The same argument was recently made by Rick Anderson in his THE article entitled “Open Access and Academic Freedom“. When it was pointed out both in the comments on his article and on Twitter that the widespread tradition of hiring/promoting/rewarding scientists for publishing in certain venues constituted a much worse infringement, Mr. Anderson replied with a very formalistic argument: such selection by publication venue were mere “professional standards”, which, by definition, cannot impede academic freedom (even if they essentially force scientists to publish in certain venues), while only “official policies” actually can infringe on academic freedom (even if they are not actually enforced, such as many OA mandates, and thus have little/no effect on the choice of publication venue). This potential infringement is thus considered more of a threat to academic freedom than actual infringements, as long as the actual infringements due to ‘professional standards’ are not explicitly written down somewhere and labeled ‘policy’.
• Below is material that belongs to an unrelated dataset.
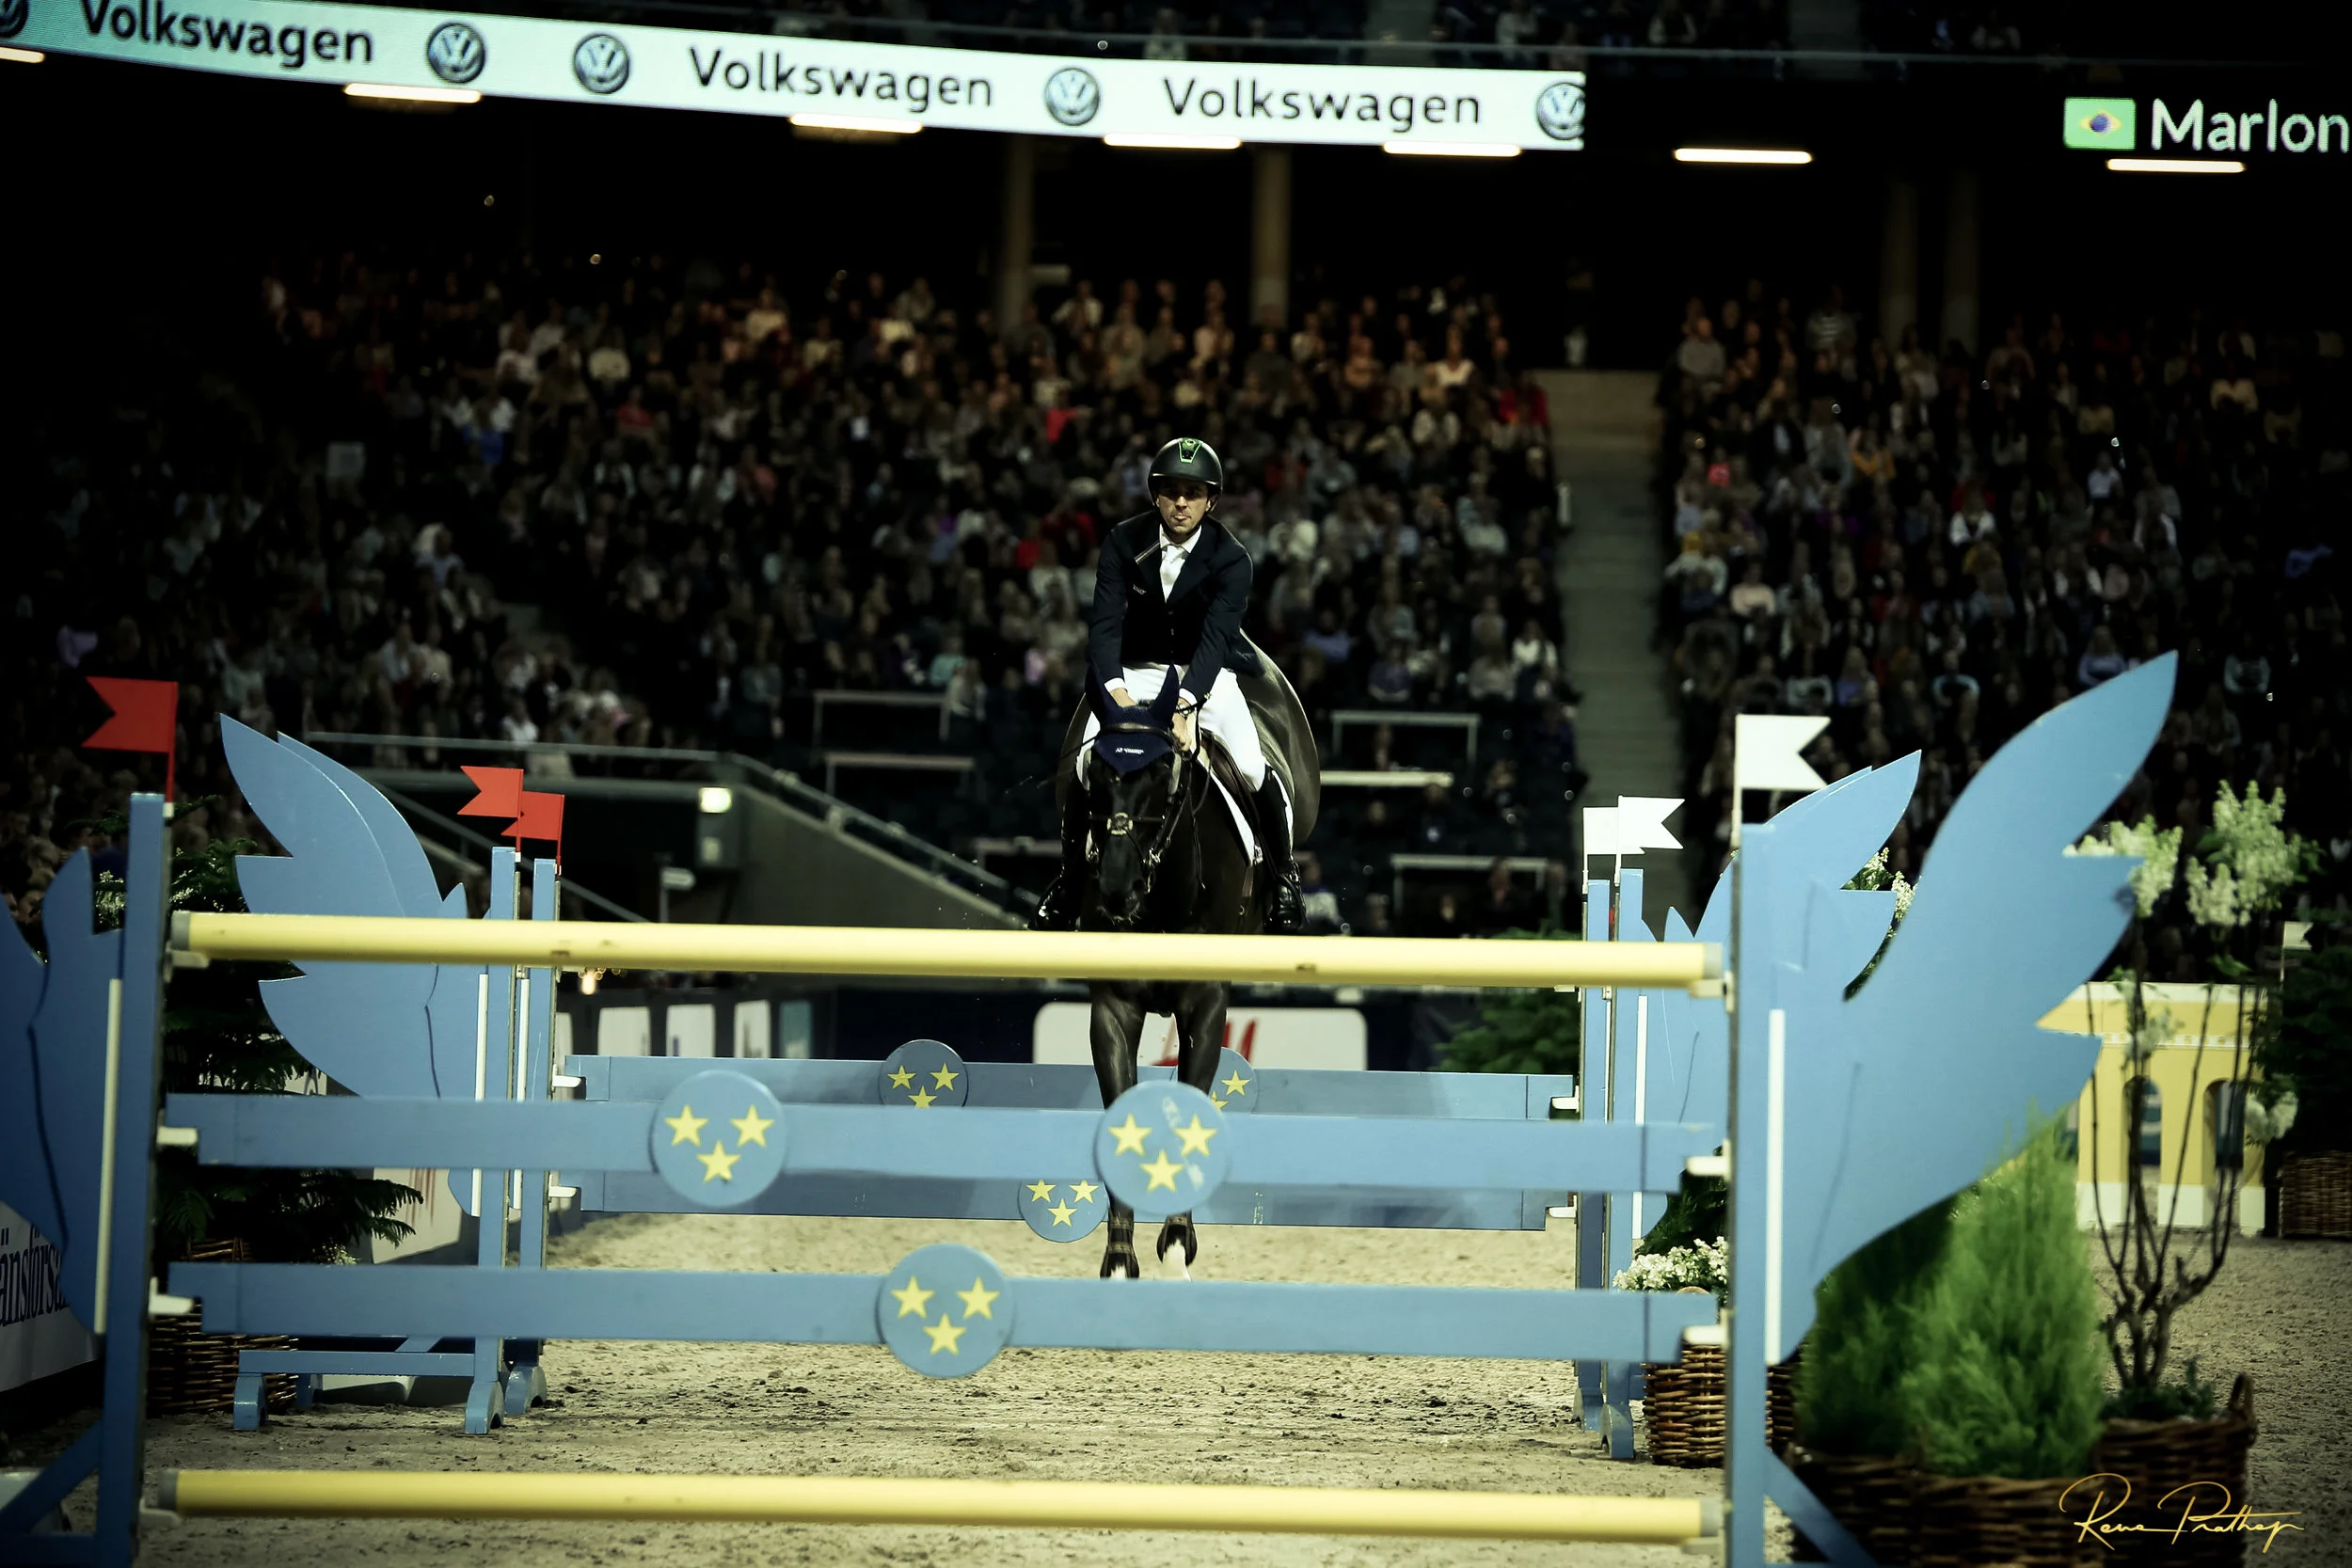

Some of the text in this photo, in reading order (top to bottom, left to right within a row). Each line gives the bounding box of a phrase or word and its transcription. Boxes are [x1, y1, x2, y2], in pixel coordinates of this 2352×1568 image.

While one may take such a formalistic approach, I fail to see how such a position can be either valuable or convincing.

If everyone took that position, it would only mean that our institutions would make their policies less specific and called them “professional standard”. Then our institutions can fire us at will without ever touching our academic freedom: they just need to define professional standards loosely enough. Hence, there is no academic value in such a formalistic approach: an infringement of an academic freedom is always an infringement, no matter what you call it. The important aspect of such infringements (which may be unavoidable) is not whether or not they are written down as explicit ‘policy’, but that we must have very good reasons for them, such as tangible benefits for science and/or society.

I also doubt this argument will be very convincing, as it is just too plain obvious that such a formalistic approach is too far from reality to be worth seriously considering. Imagine two scholars, both working in the same field, collecting the same data, making the same discoveries and solving the same problems. One of them would feel forced to publish, against their own will, their work in a piecemeal fashion in the venues implicitly prescribed by their field on an ongoing basis, the other would decide to exercise their academic freedom and publish the exact same discoveries and solutions in one big text on their blog at the end of their career. From this example, it is clear that we already have a very tangible and real choice: either exercise your academic freedom or have a job in academia, both are incompatible.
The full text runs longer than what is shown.